■ **THE TASK**: Output the full listing below exactly as it reads, and skip anything that is a picture.

■ **SOURCE MATERIAL**:
________
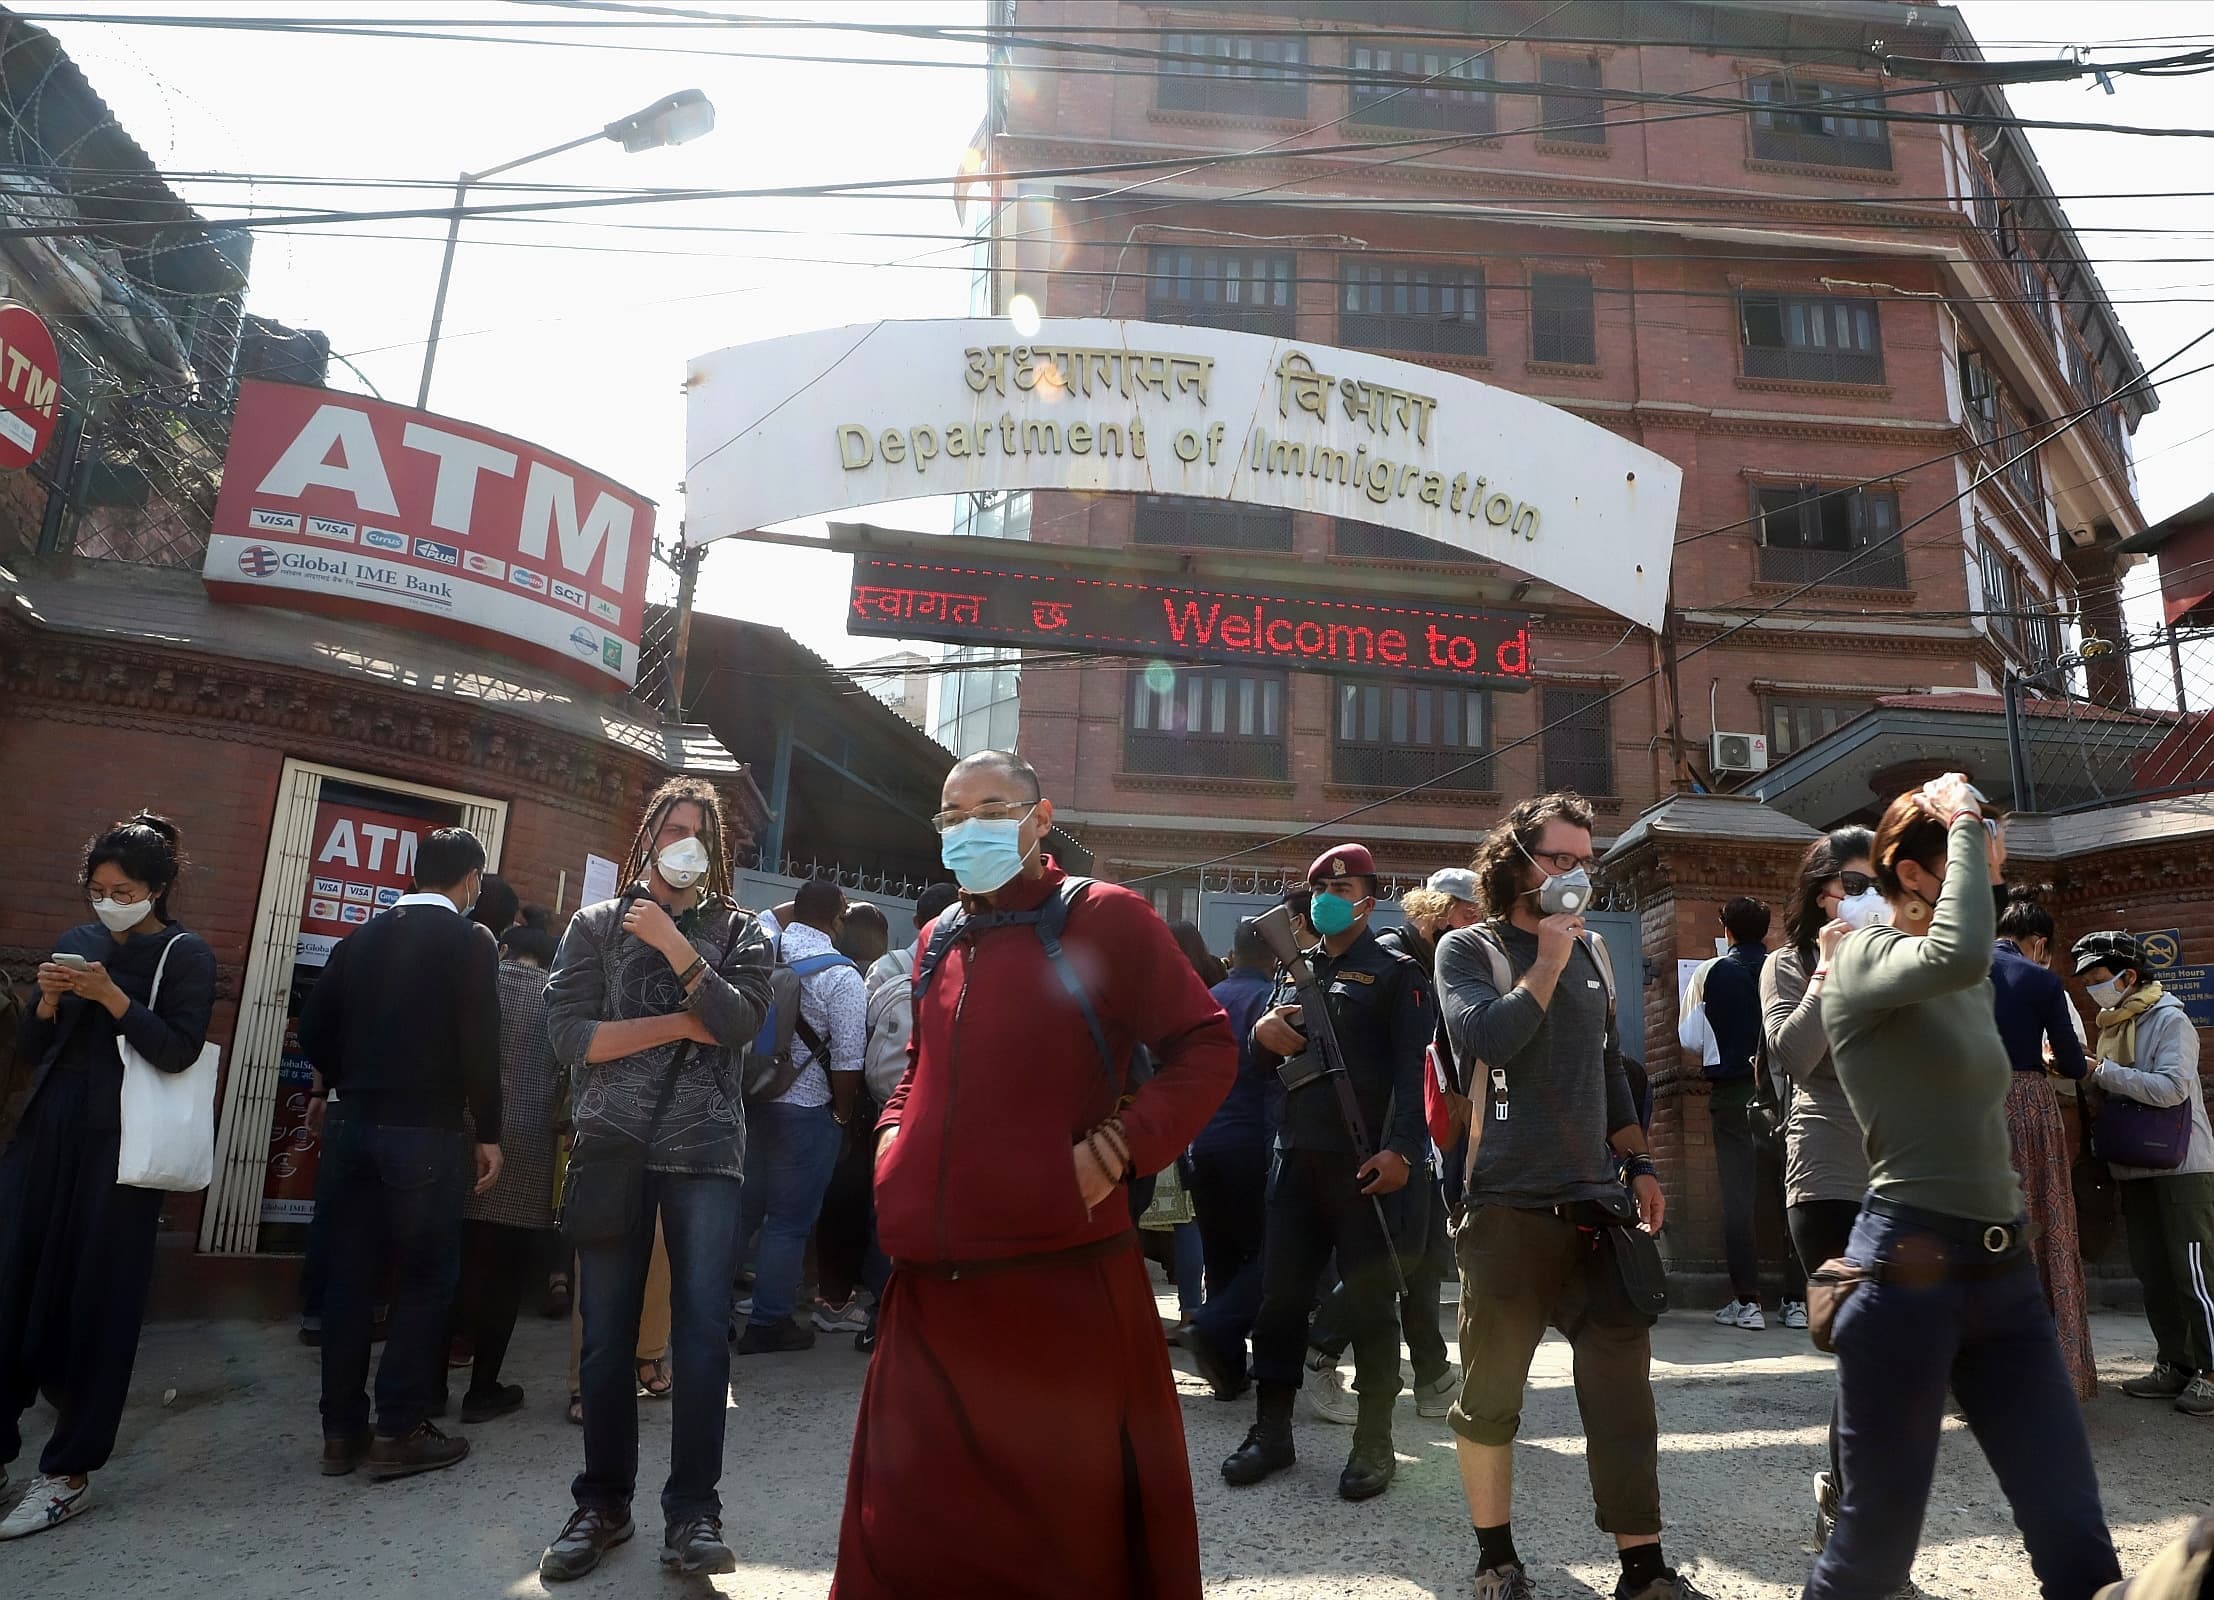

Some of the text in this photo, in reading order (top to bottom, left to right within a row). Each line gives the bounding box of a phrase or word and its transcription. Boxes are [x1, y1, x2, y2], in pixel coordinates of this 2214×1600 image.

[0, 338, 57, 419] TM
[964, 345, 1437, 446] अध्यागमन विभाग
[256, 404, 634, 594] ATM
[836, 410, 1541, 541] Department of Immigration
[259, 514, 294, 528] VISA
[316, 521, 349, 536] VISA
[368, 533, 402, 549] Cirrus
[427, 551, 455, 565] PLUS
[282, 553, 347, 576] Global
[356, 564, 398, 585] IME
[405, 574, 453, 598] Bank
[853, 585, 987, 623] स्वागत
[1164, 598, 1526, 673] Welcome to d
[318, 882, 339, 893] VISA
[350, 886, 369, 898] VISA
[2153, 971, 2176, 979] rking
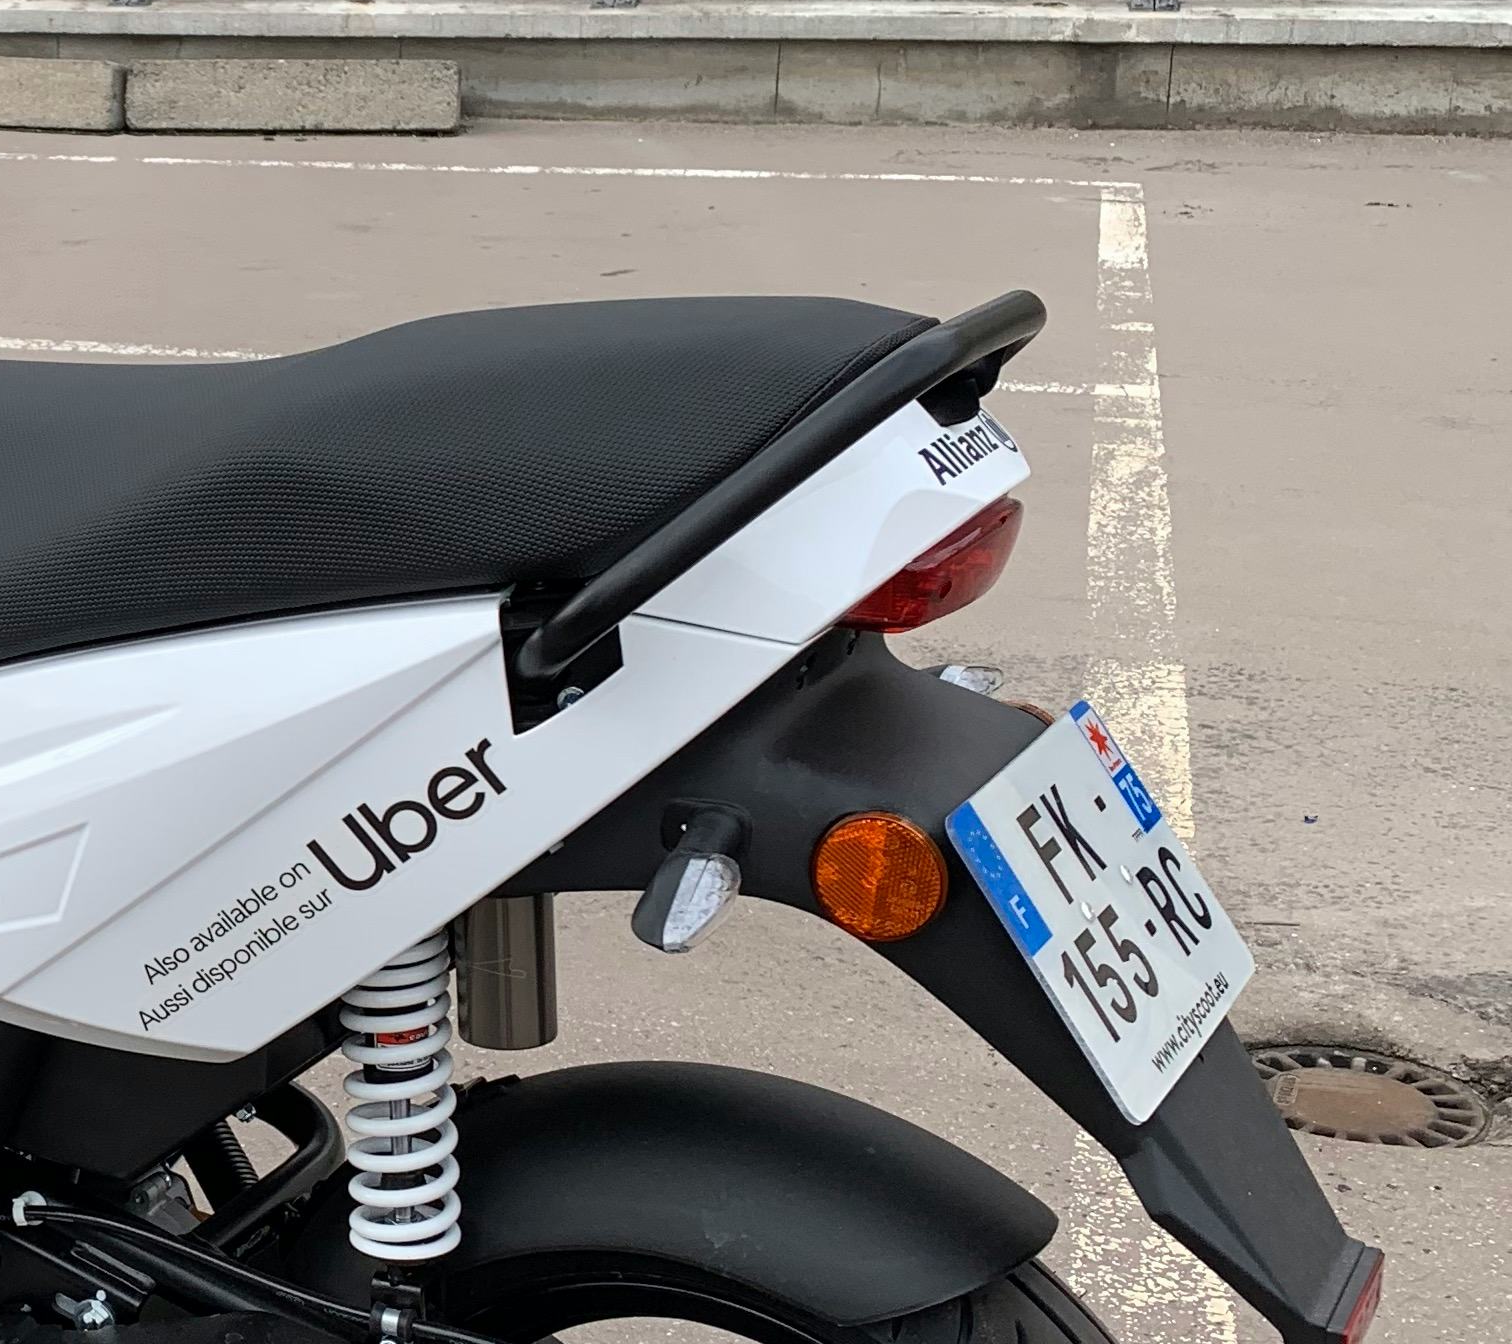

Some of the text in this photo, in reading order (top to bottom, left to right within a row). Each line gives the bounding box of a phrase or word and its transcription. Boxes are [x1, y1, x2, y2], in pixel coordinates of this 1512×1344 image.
________
■ **TASK RESULT**:
Some of the text in this photo, in reading order (top to bottom, left to right within a row). Each line gives the bounding box of a phrase or word and its transcription. Boxes are [x1, y1, x2, y2], in pixel coordinates of this 2214×1600 image.

[0, 338, 57, 419] TM
[964, 345, 1437, 446] अध्यागमन विभाग
[256, 404, 634, 594] ATM
[836, 410, 1541, 541] Department of Immigration
[259, 514, 294, 528] VISA
[316, 521, 349, 536] VISA
[368, 533, 402, 549] Cirrus
[427, 551, 455, 565] PLUS
[282, 553, 347, 576] Global
[356, 564, 398, 585] IME
[405, 574, 453, 598] Bank
[853, 585, 987, 623] स्वागत
[1164, 598, 1526, 673] Welcome to d
[318, 882, 339, 893] VISA
[350, 886, 369, 898] VISA
[2153, 971, 2176, 979] rking

Some of the text in this photo, in reading order (top to bottom, left to right within a row). Each line gives the bounding box of a phrase or word and its transcription. Boxes are [x1, y1, x2, y2], in pixel coordinates of this 1512×1344 image.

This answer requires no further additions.